The Lutheran Culture Of Worship: An Insightful Quote

I have for some time now been reading Heaven On Earth The Gifts of Christ in The Divine Service by Arthur Just.  I find the study of why we worship the way we worship to be exciting and insightful.  A favorite Latin phrase is lex orandi, lex crendi, the law of worship founds the law of believing.  One of the most glorious aspects of the Lutheran theology of worship is that Scripture shapes the culture and practice of worship.  Scripture supplies the context for why we do what we do, leading us as we gather around Christ present for us in simple means each week.  God freely pours out Christ for us in worship.
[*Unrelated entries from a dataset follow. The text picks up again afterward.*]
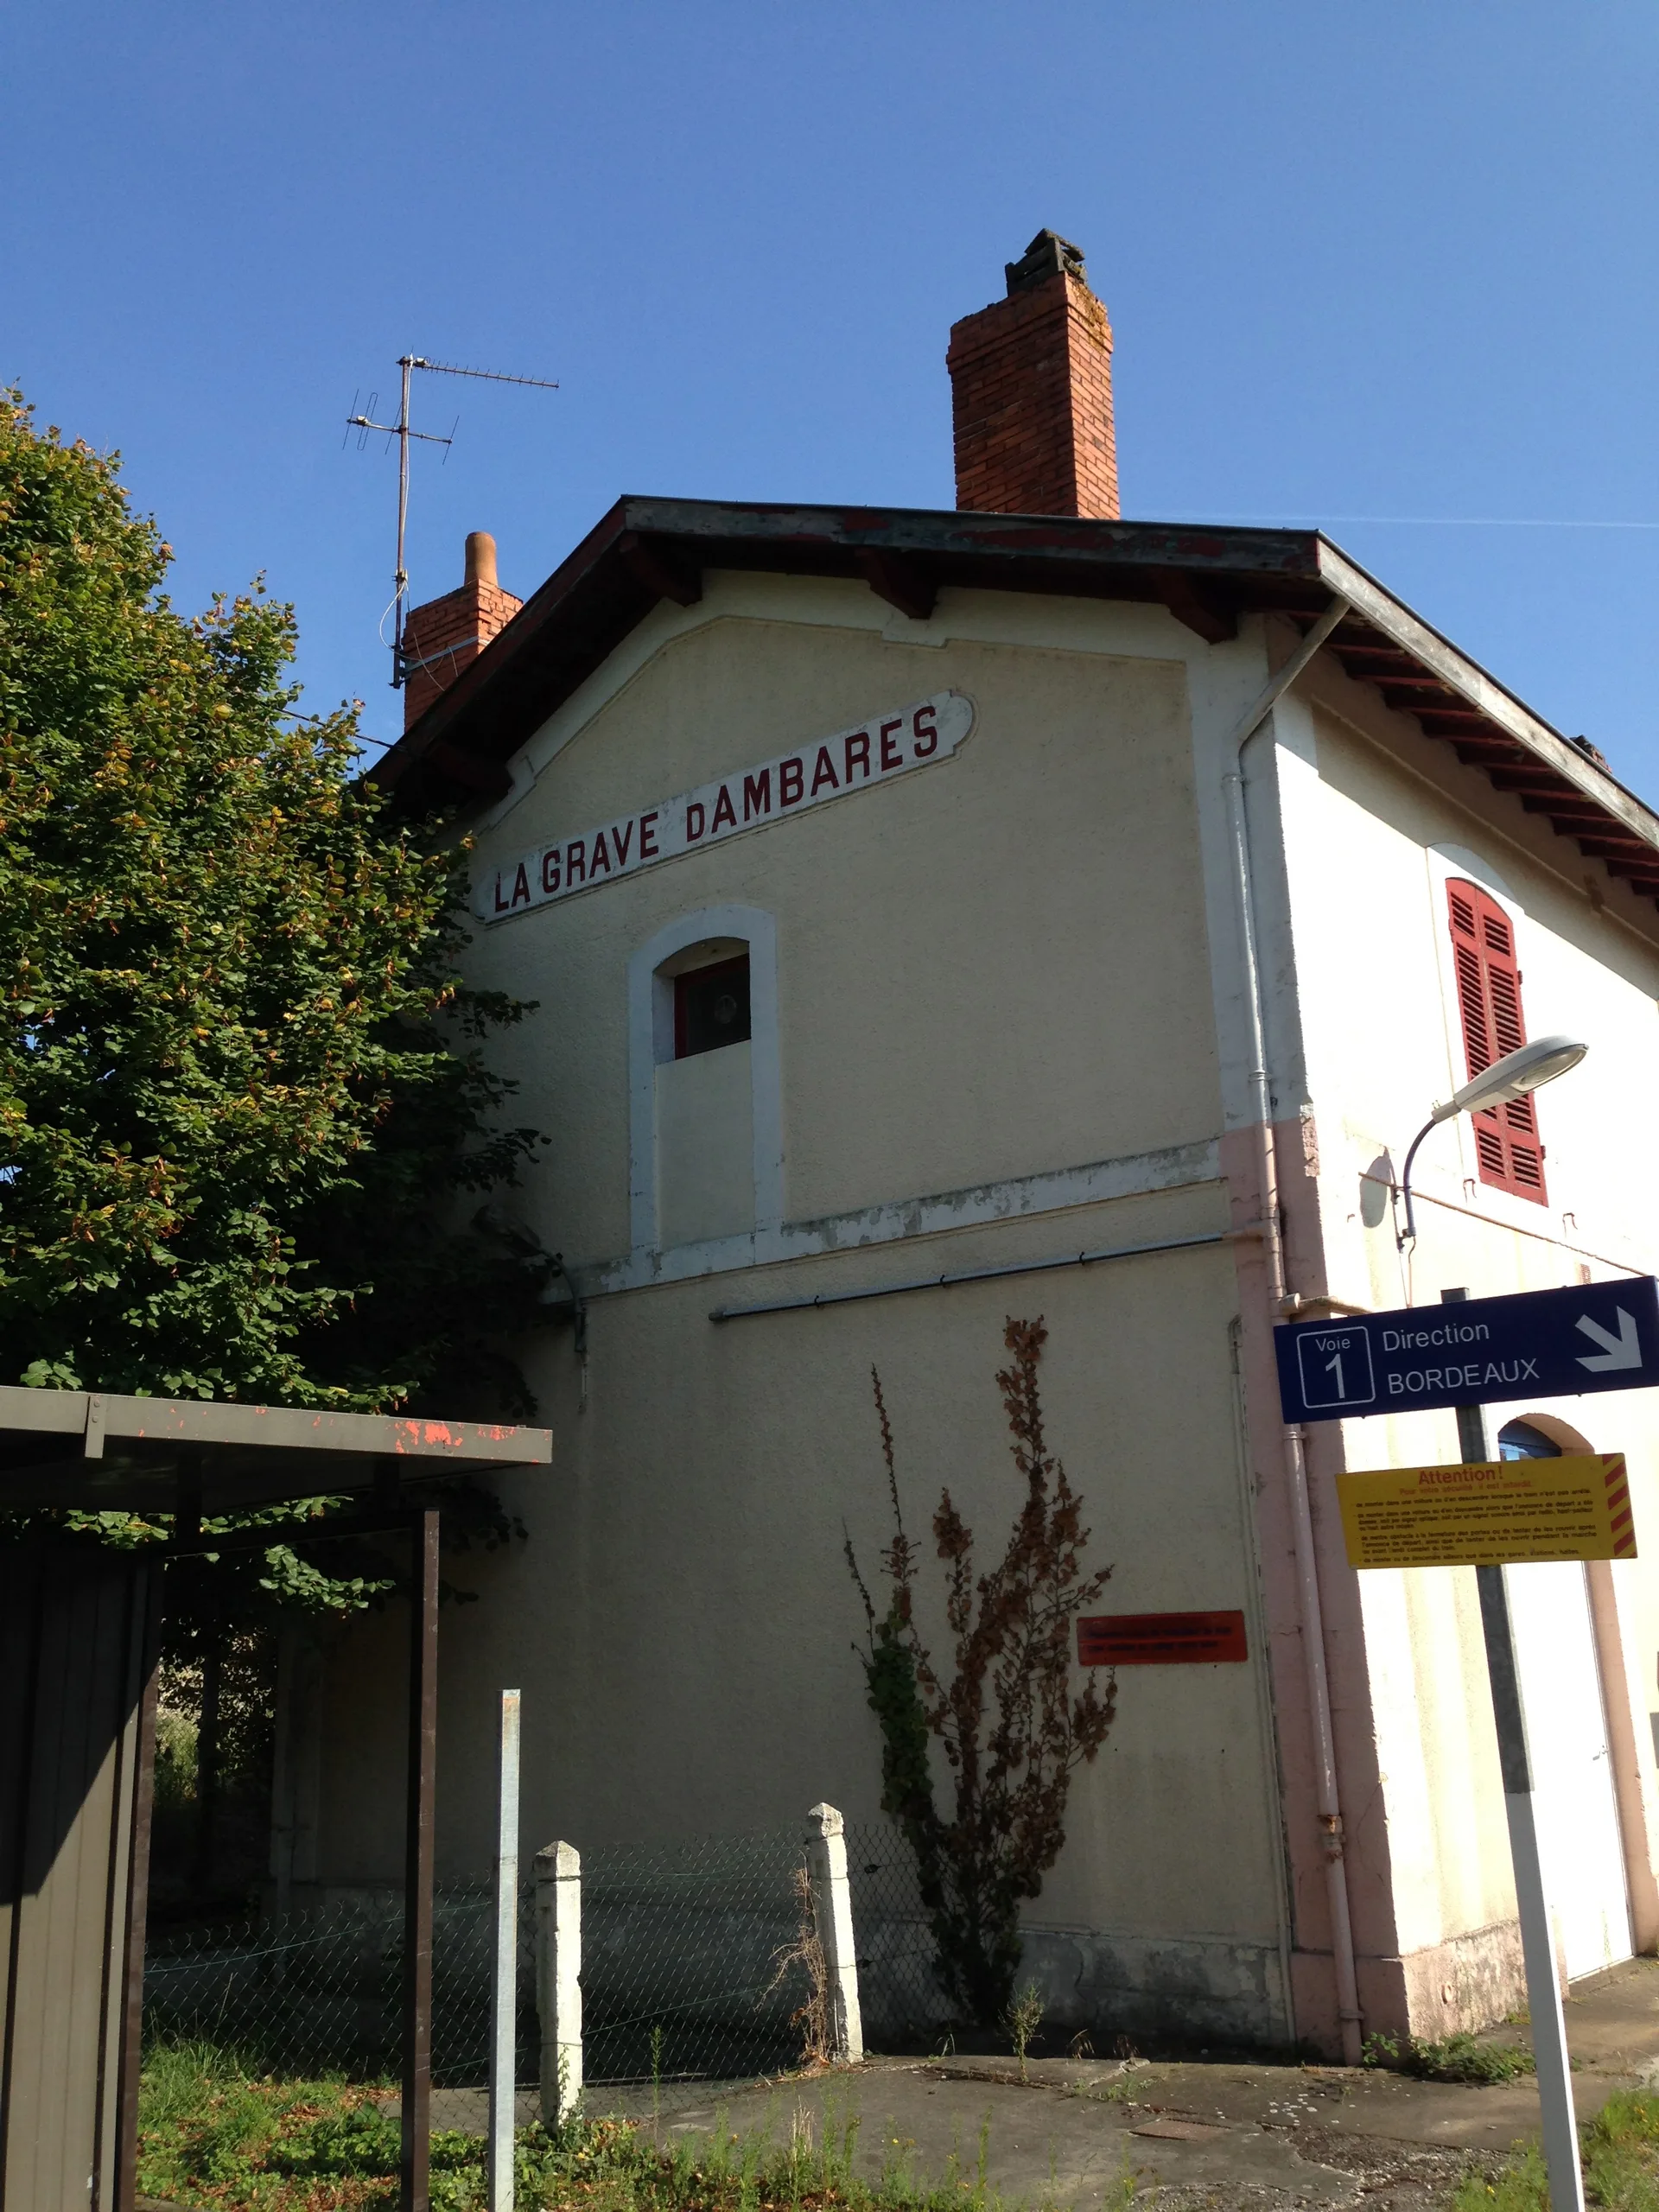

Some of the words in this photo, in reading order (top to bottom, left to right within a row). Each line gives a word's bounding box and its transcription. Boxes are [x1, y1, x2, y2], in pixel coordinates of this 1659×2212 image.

[494, 862, 531, 912] LA
[542, 811, 659, 895] GRAVE
[686, 705, 938, 842] DAMBARES
[1315, 1336, 1351, 1352] Voie
[1382, 1323, 1490, 1351] Direction
[1325, 1353, 1345, 1399] 1
[1388, 1357, 1541, 1395] BORDEAUX
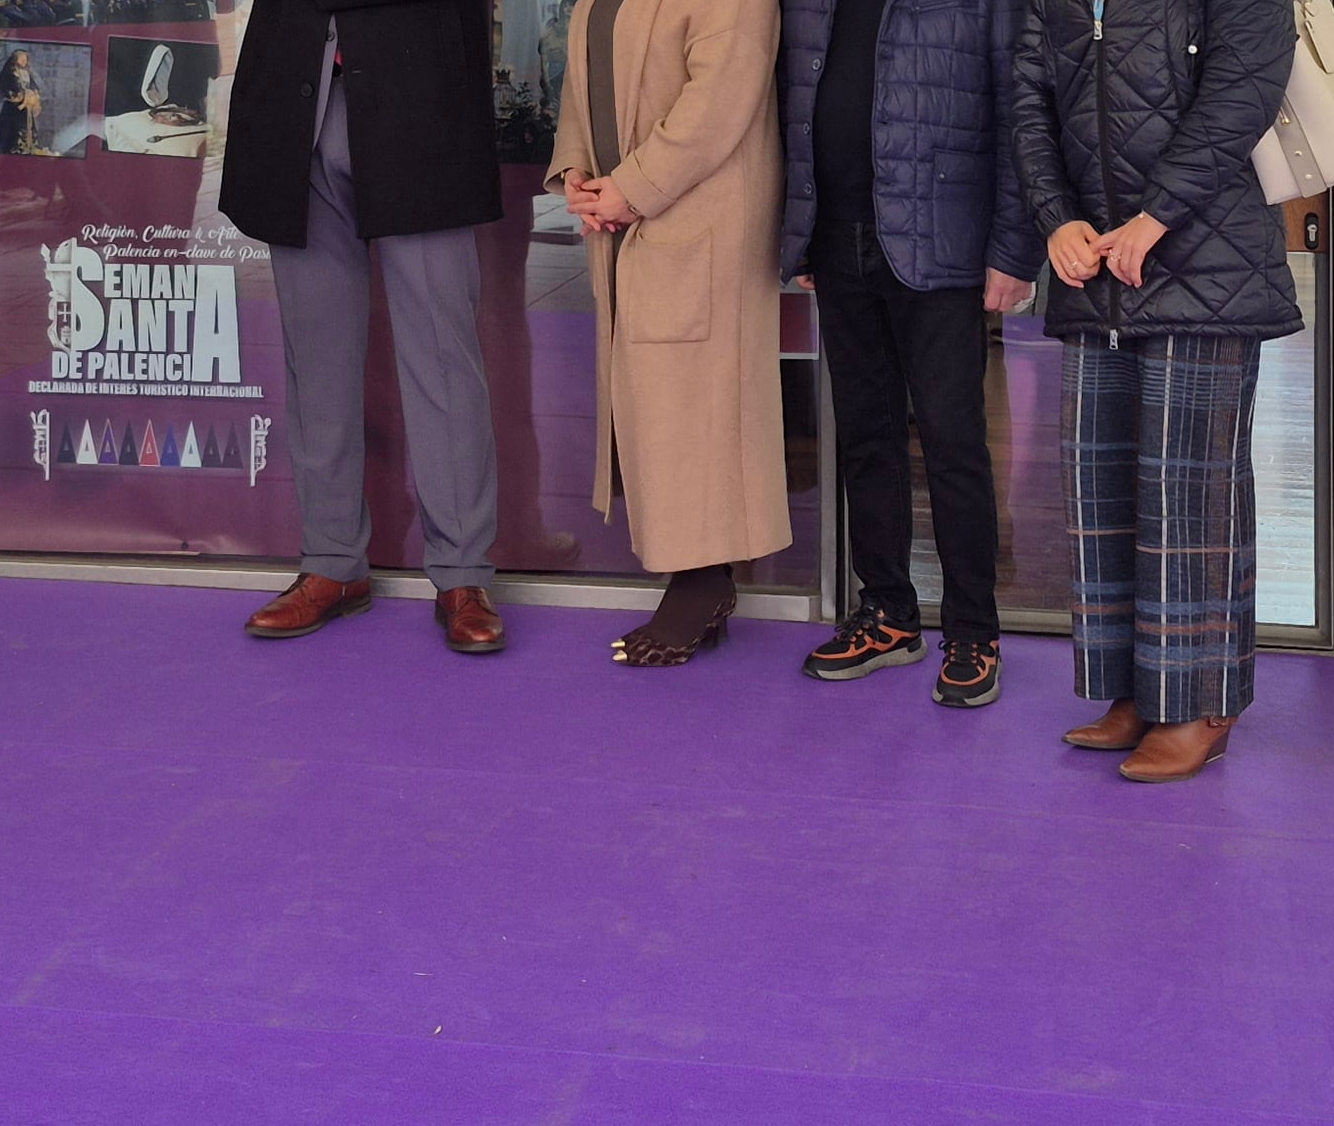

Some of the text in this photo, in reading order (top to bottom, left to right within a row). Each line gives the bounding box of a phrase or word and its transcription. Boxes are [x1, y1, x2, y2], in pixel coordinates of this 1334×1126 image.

[142, 224, 190, 243] Cultura
[103, 243, 160, 261] Palencia
[219, 244, 236, 258] de
[52, 351, 83, 379] DE
[28, 380, 85, 394] DECLARADA
[85, 382, 99, 394] DE
[189, 384, 264, 398] INTERNACIONAL
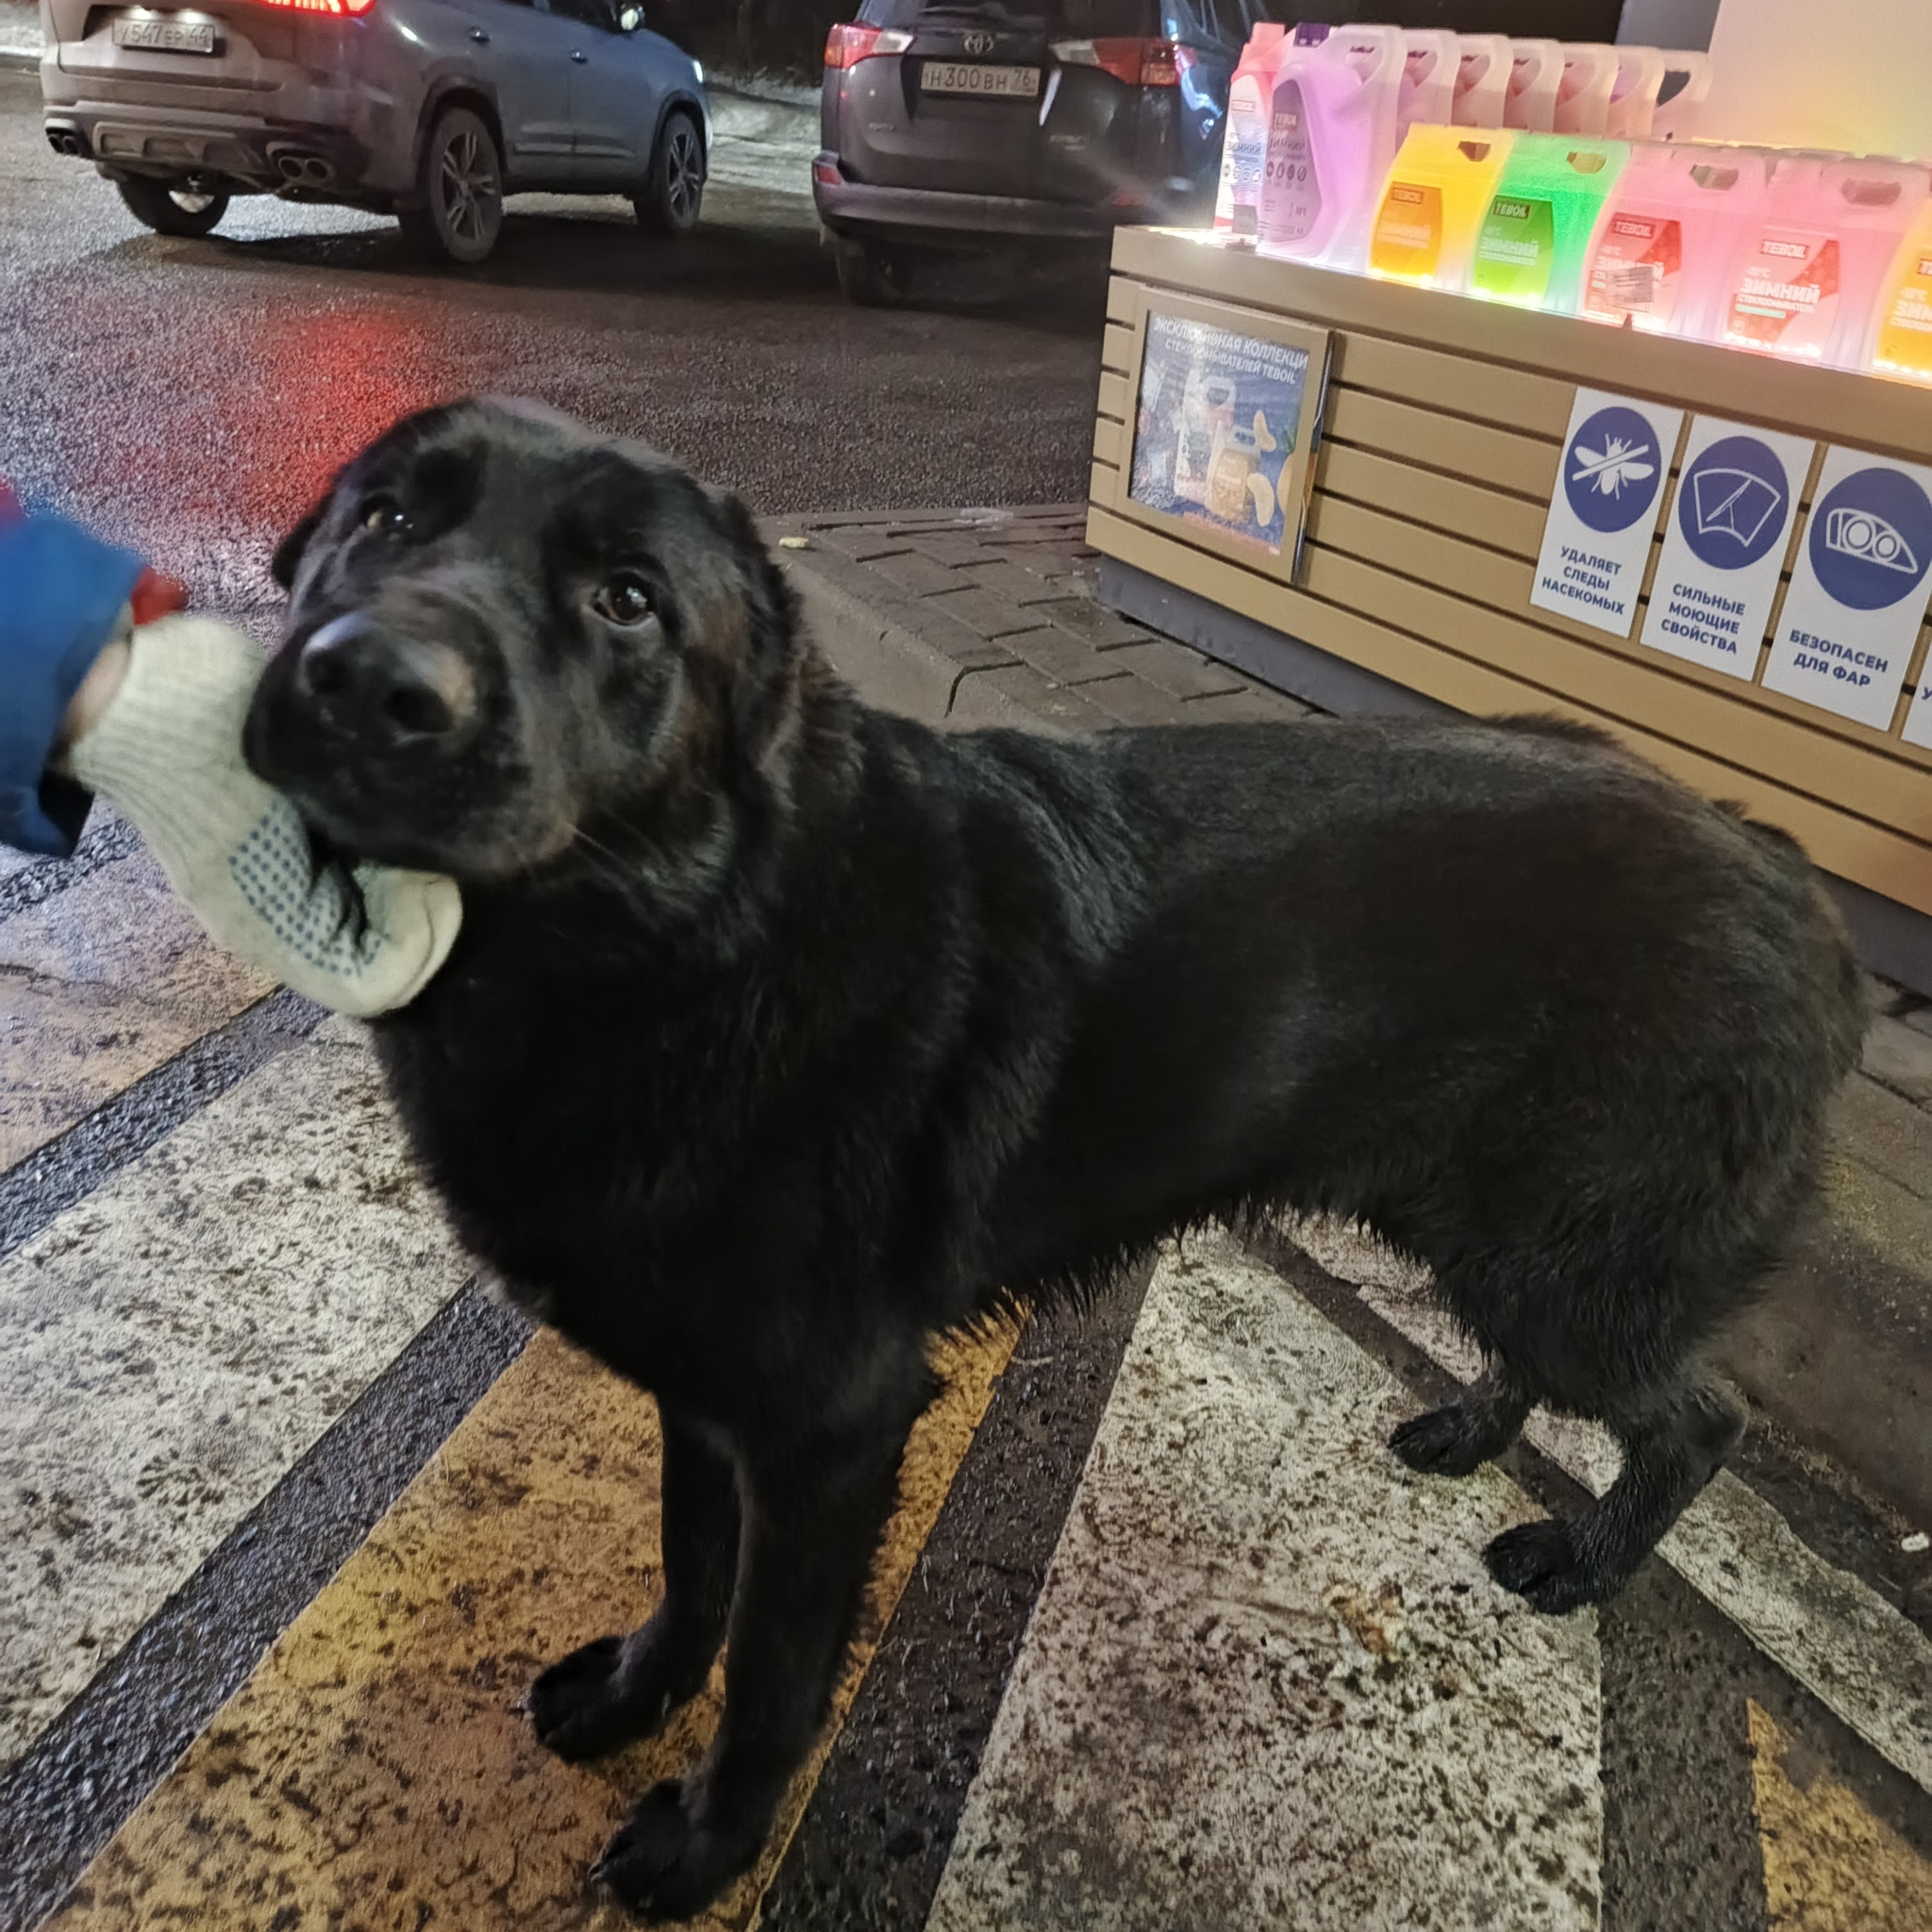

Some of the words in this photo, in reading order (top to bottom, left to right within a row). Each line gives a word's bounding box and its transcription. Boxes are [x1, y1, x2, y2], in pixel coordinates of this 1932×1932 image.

Worship gives us forgiveness, assurance of Salvation, and life! 

Worship feeds us, sustains, preserves, and is always equipping us to serve in our vocations as children of the Light, delivering Christ to our neighbor.  Lutheran worship impacts the ins and outs of our daily lives in that it shapes the way we live as Christians.   In the Divine Service we are given the reason for the hope that is in us, so that as we take up our crosses our hope and faith is firmly set on Christ's return.  This brings us significant comfort in all seasons of daily life. 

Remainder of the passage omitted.